Am Dienstag zeigten die Renditen von US-Staatsanleihen eine gemischte Reaktion auf die laufenden geopolitischen Entwicklungen, wobei die Rendite der 10-jährigen Anleihe bei 4,594% stabil blieb und die Rendite der 2-jährigen Anleihe leicht auf 4,198% anstieg.
BMO Capital Markets stellte fest, dass der Anleihemarkt trotz der Spannungen relativ stabil war, unterstützt durch Berichte über neue Waffenstillstandsangebote, die halfen, die Ölpreise zu dämpfen.
Analysten warnen jedoch, dass der Anleihemarkt weiterhin anfällig für plötzliche Veränderungen der Energiepreise und die Situation im Iran sein könnte, insbesondere da diese Woche nur begrenzte US-Wirtschaftsdaten verfügbar sind. Sie betonten, dass ein signifikanter Rückgang der nominalen Renditen von der Marktbeobachtung der Dynamik im Energiesektor und den geopolitischen Risiken abhängen würde.
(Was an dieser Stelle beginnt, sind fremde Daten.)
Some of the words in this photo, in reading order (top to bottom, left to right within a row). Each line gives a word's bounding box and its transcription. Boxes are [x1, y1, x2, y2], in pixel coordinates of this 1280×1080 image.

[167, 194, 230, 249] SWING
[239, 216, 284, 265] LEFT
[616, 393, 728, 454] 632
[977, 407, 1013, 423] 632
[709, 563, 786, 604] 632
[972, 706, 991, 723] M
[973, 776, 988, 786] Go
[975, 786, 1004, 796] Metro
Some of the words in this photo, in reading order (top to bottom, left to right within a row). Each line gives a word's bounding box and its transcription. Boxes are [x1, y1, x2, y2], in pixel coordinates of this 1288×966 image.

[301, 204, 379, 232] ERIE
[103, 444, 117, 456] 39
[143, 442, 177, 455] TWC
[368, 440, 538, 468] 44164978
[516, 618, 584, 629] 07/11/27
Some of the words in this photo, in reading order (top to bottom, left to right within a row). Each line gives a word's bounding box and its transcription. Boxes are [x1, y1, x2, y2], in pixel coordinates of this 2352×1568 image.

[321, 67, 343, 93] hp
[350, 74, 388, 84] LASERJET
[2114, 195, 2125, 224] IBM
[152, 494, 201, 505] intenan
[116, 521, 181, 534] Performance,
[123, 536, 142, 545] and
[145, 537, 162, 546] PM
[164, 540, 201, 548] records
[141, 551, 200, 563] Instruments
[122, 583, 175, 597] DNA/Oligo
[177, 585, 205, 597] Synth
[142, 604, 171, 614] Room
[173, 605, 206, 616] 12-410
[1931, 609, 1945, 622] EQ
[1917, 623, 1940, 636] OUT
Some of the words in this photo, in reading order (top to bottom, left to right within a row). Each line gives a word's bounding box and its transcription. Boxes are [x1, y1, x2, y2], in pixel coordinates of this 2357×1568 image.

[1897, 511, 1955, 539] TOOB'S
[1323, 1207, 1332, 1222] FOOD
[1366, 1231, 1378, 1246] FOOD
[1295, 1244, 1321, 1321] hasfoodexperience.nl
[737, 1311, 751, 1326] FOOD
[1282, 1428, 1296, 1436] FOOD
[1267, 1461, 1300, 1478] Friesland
Im Vereinigten Königreich stiegen die Renditen der 10-jährigen Staatsanleihen nach Kommentaren von Premierminister Andy Burnham zur fiskalischen Flexibilität, obwohl sie kürzlich Anzeichen einer Stabilisierung zeigten. Investoren warten auch auf den S&P Global Flash U.S. PMI-Bericht, der Einblicke in die wirtschaftliche Gesundheit der Produktions- und Dienstleistungssektoren in den USA geben wird.